Output all entries verbatim. Skip pictures.

AVAILABLE DATA -

+ + + + +

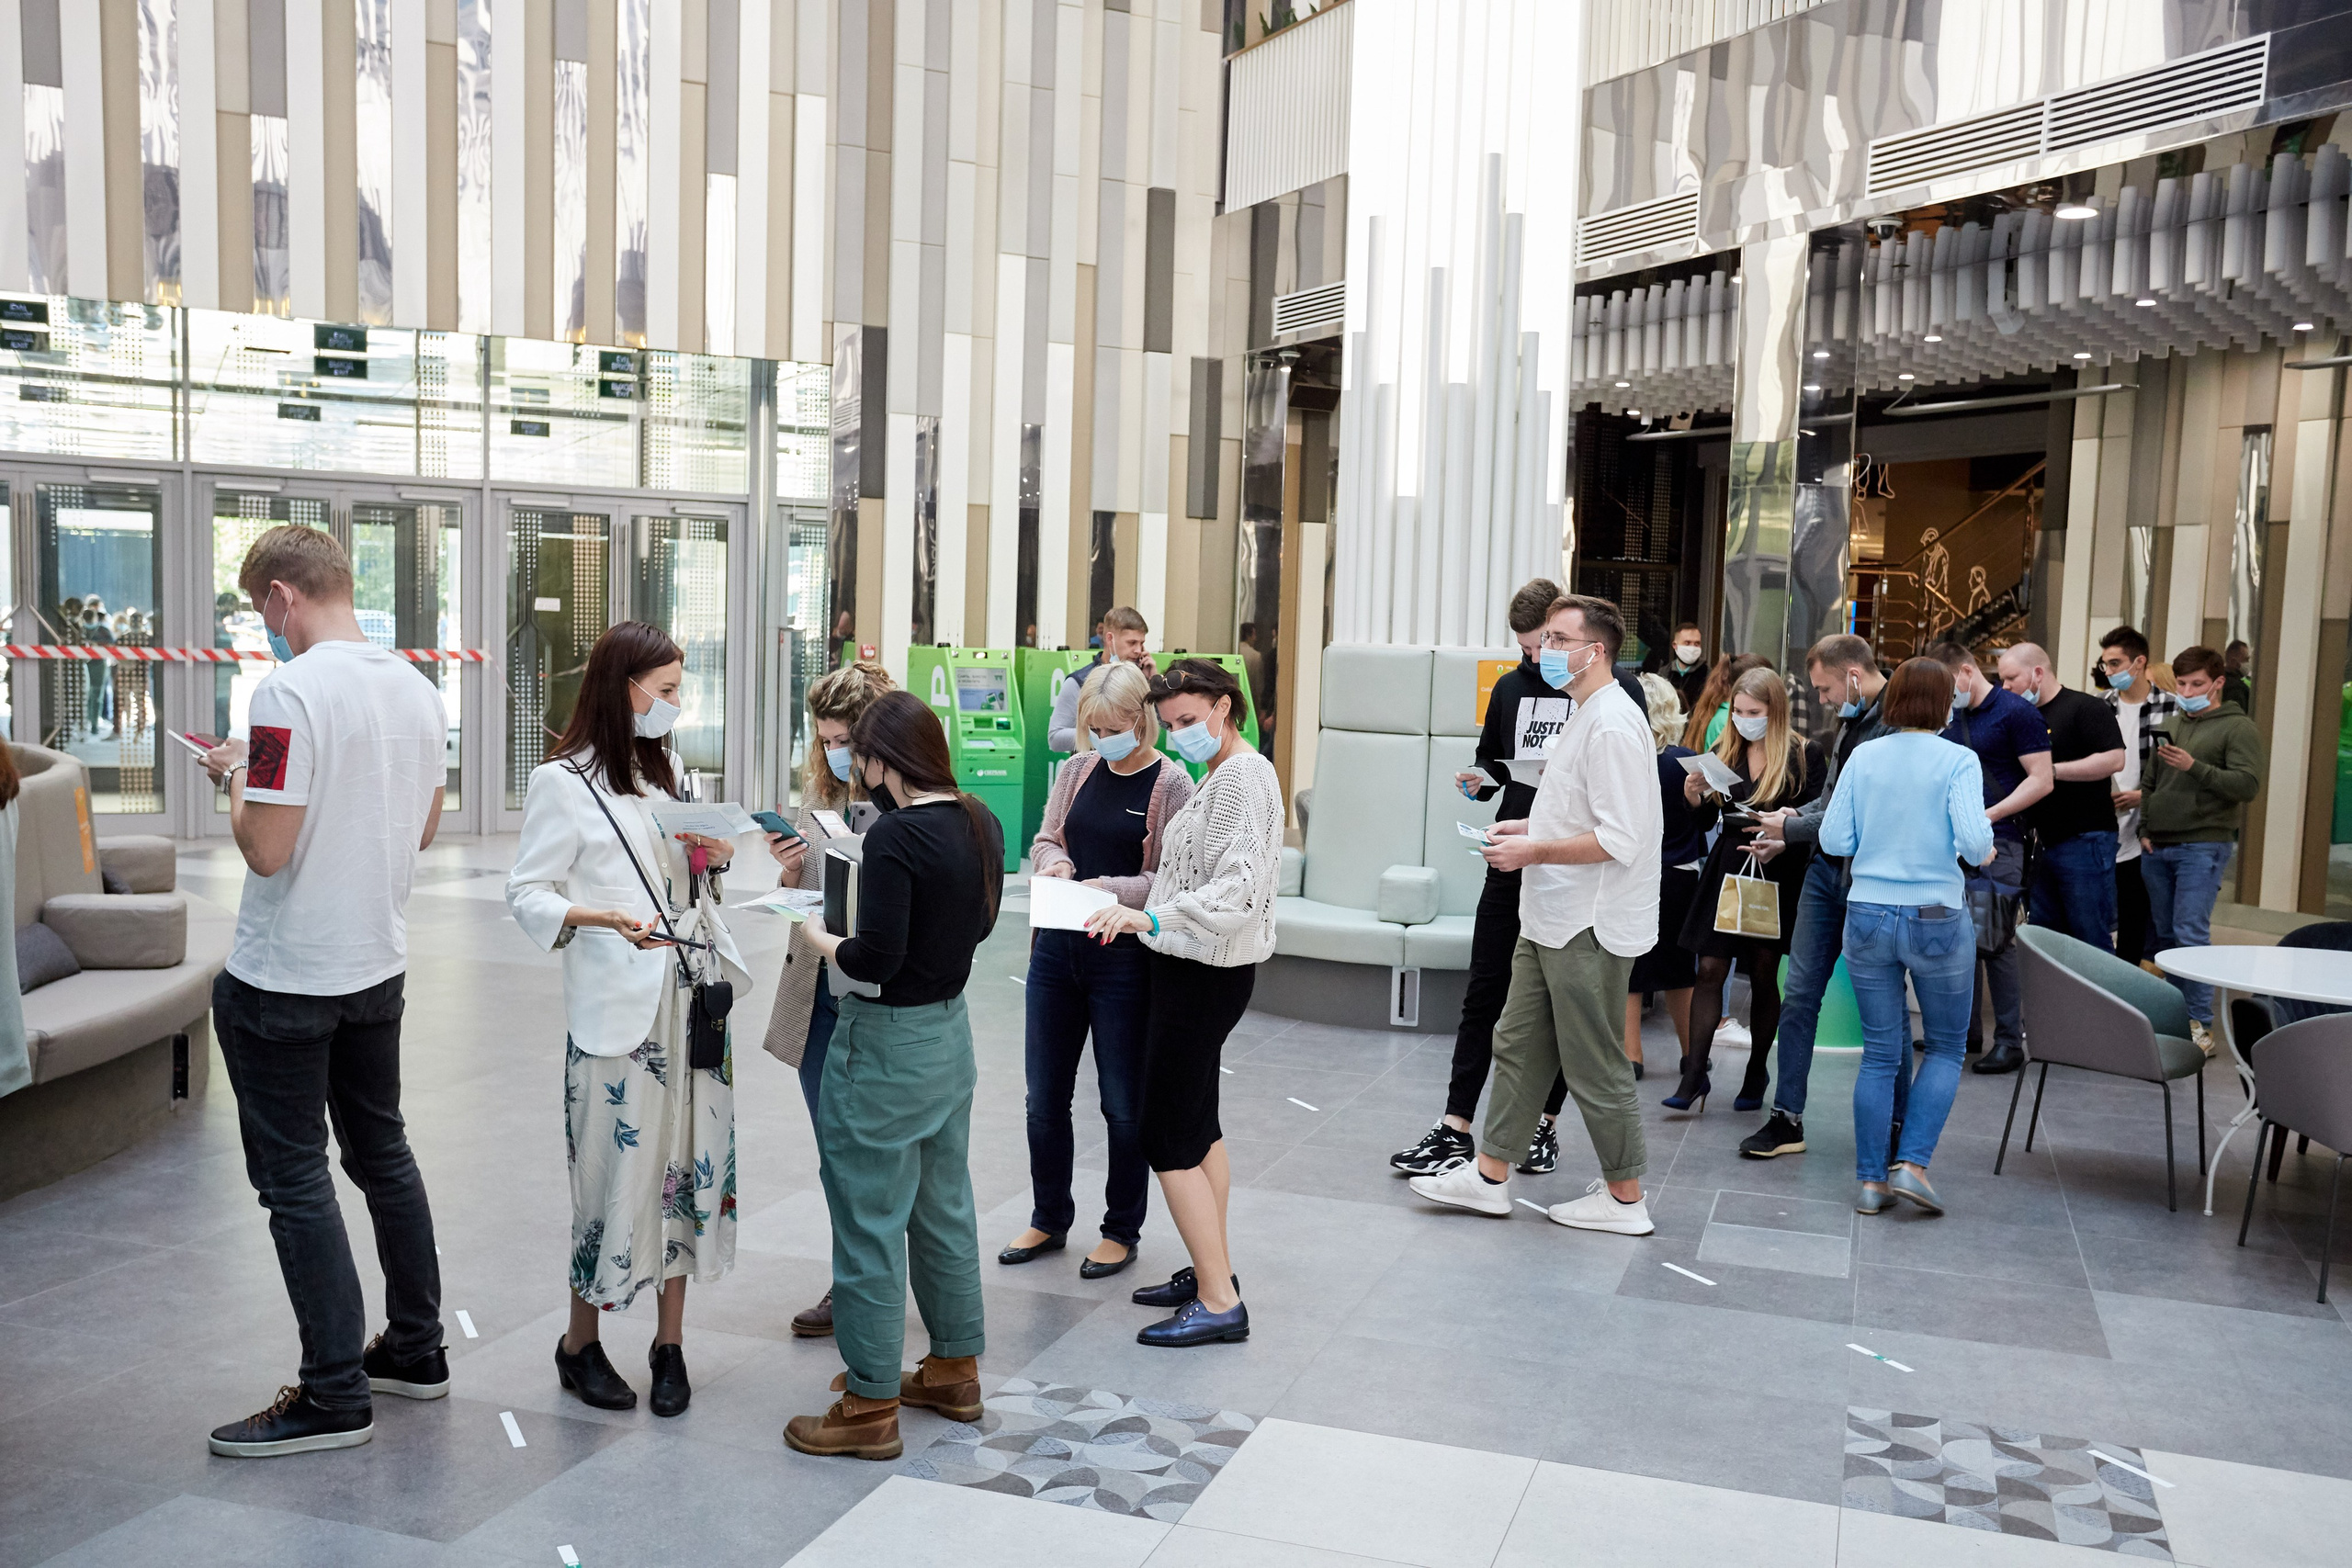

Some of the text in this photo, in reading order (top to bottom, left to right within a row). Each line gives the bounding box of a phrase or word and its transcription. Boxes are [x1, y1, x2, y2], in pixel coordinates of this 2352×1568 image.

[1526, 721, 1565, 735] JUST D
[1521, 735, 1548, 749] NOT
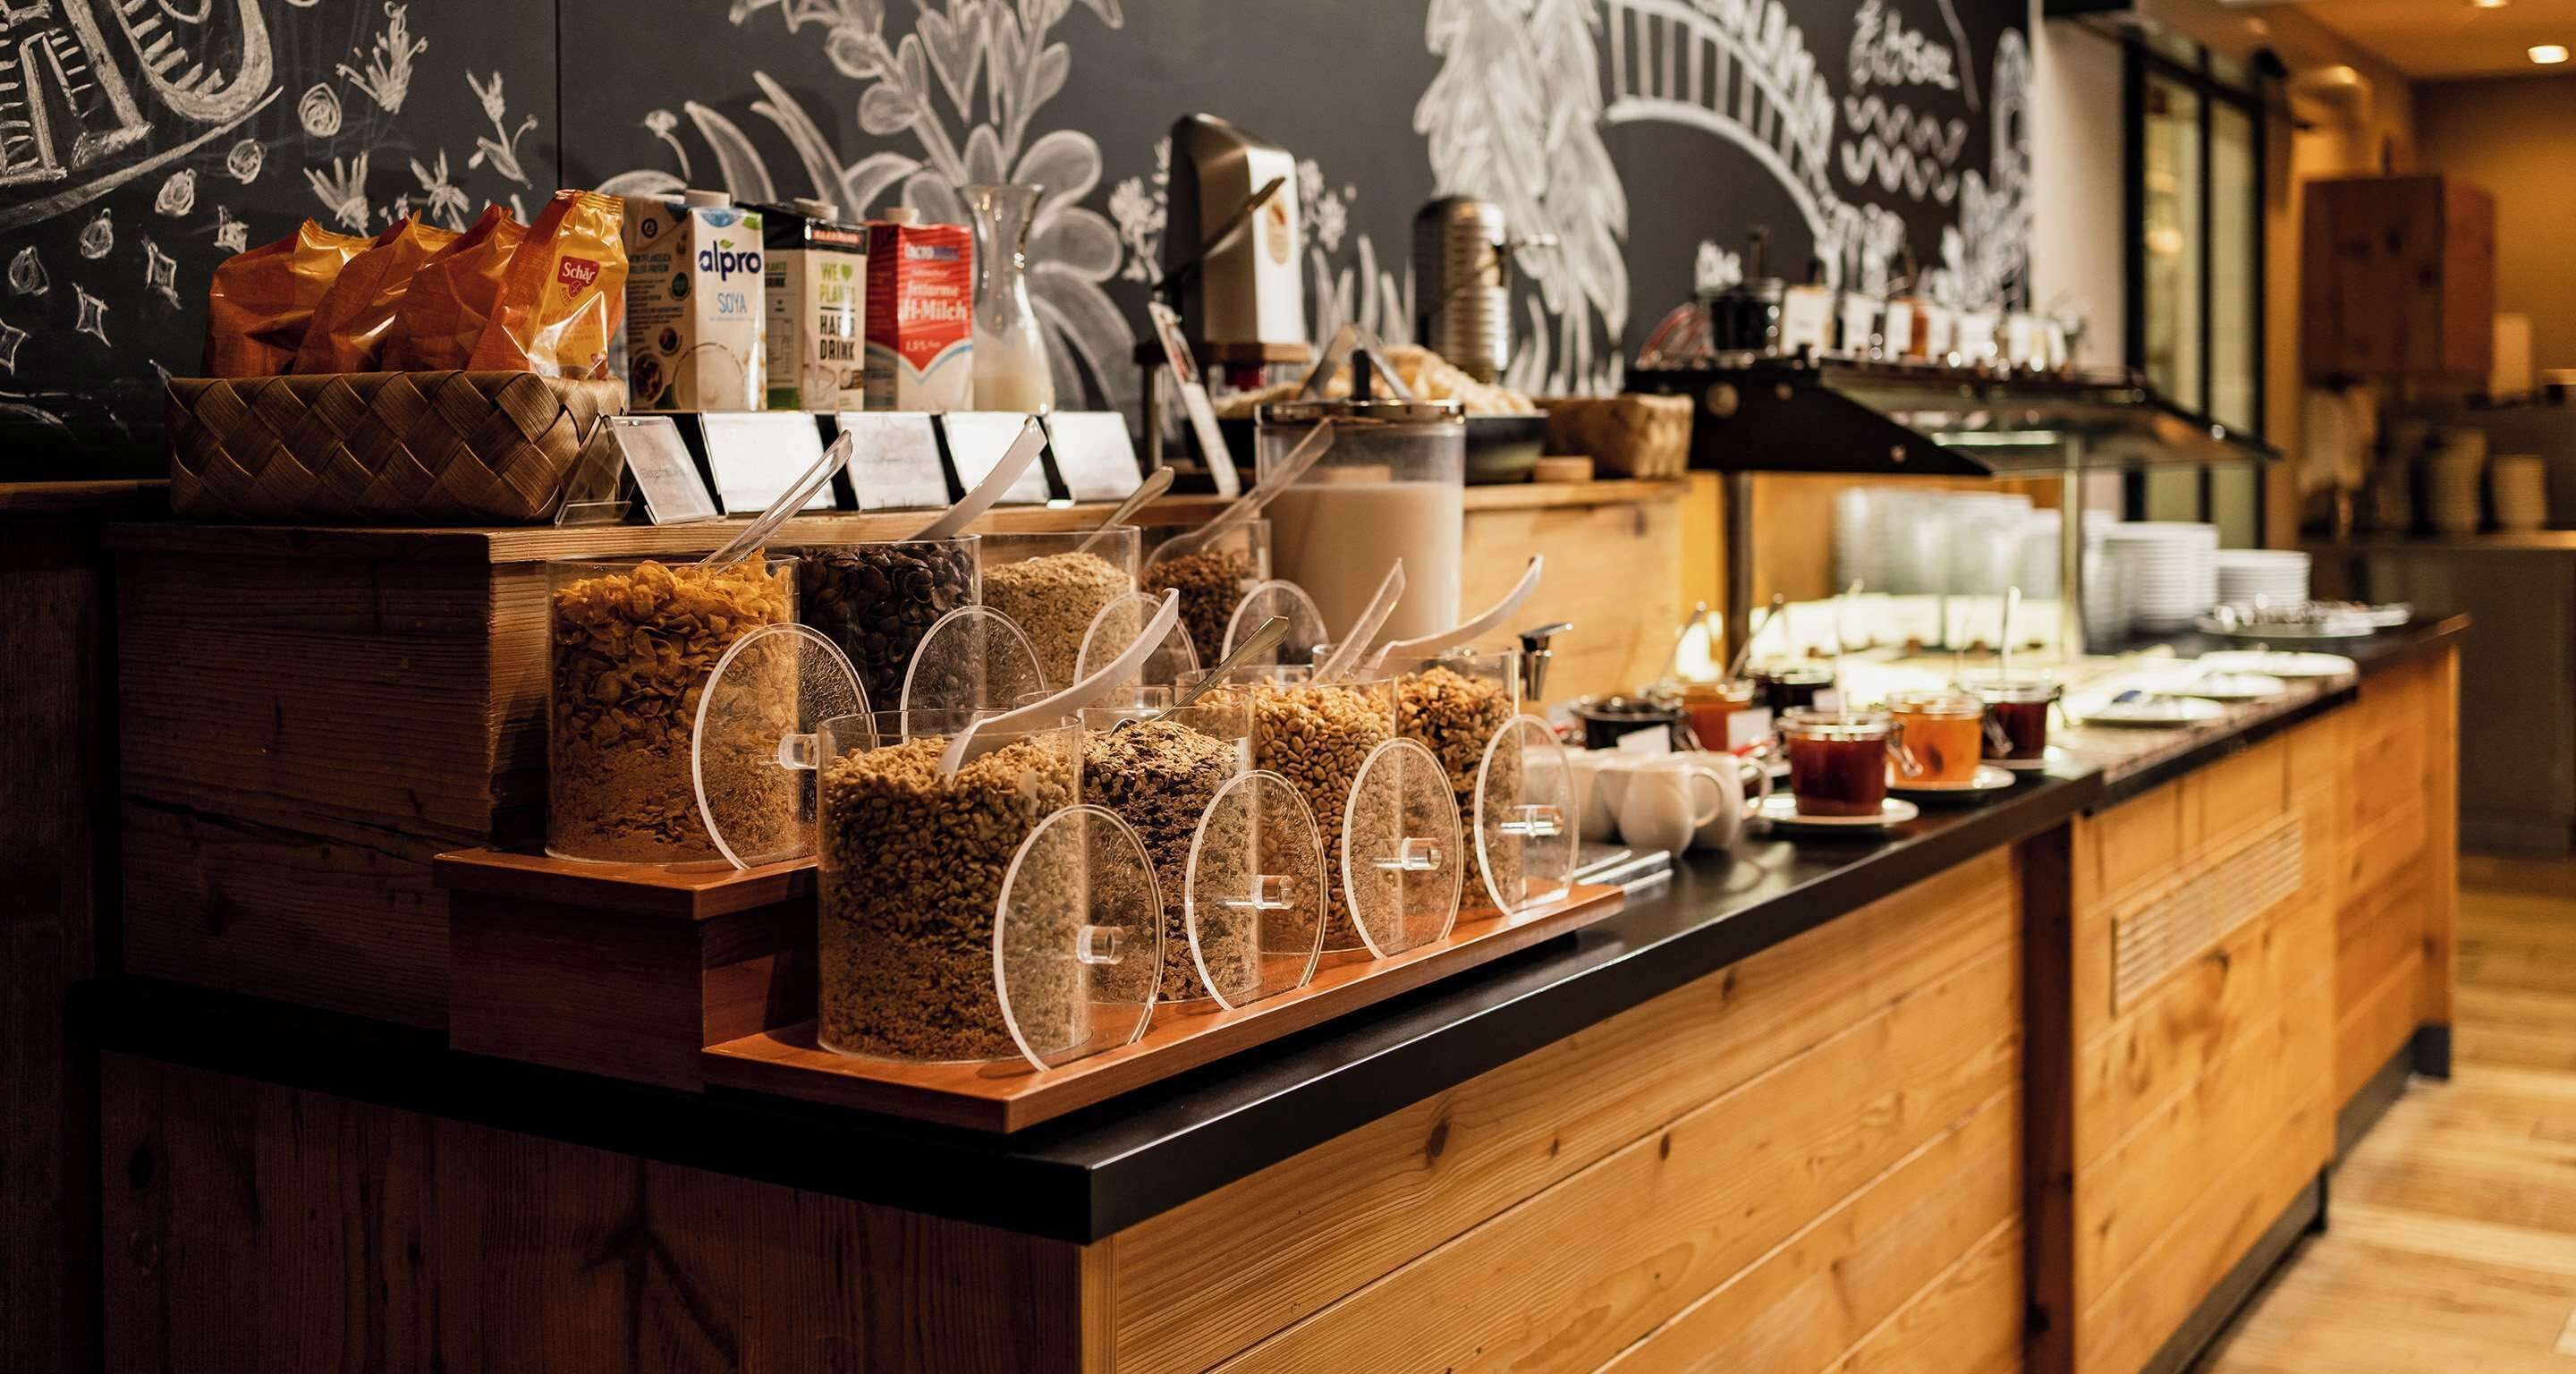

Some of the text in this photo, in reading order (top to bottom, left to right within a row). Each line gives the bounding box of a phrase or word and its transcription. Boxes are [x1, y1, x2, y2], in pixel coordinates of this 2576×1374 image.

[699, 241, 761, 282] alpro
[820, 263, 838, 281] WE
[563, 261, 596, 284] Schär
[717, 293, 748, 314] SOYA
[820, 315, 855, 337] HAFR
[820, 339, 855, 360] DRINK

+ + + + +

OUTPUT BELOW -
Some of the text in this photo, in reading order (top to bottom, left to right within a row). Each line gives the bounding box of a phrase or word and its transcription. Boxes are [x1, y1, x2, y2], in pixel coordinates of this 2352×1568 image.

[1526, 721, 1565, 735] JUST D
[1521, 735, 1548, 749] NOT

Some of the text in this photo, in reading order (top to bottom, left to right within a row). Each line gives the bounding box of a phrase or word and its transcription. Boxes are [x1, y1, x2, y2], in pixel coordinates of this 2576×1374 image.

[699, 241, 761, 282] alpro
[820, 263, 838, 281] WE
[563, 261, 596, 284] Schär
[717, 293, 748, 314] SOYA
[820, 315, 855, 337] HAFR
[820, 339, 855, 360] DRINK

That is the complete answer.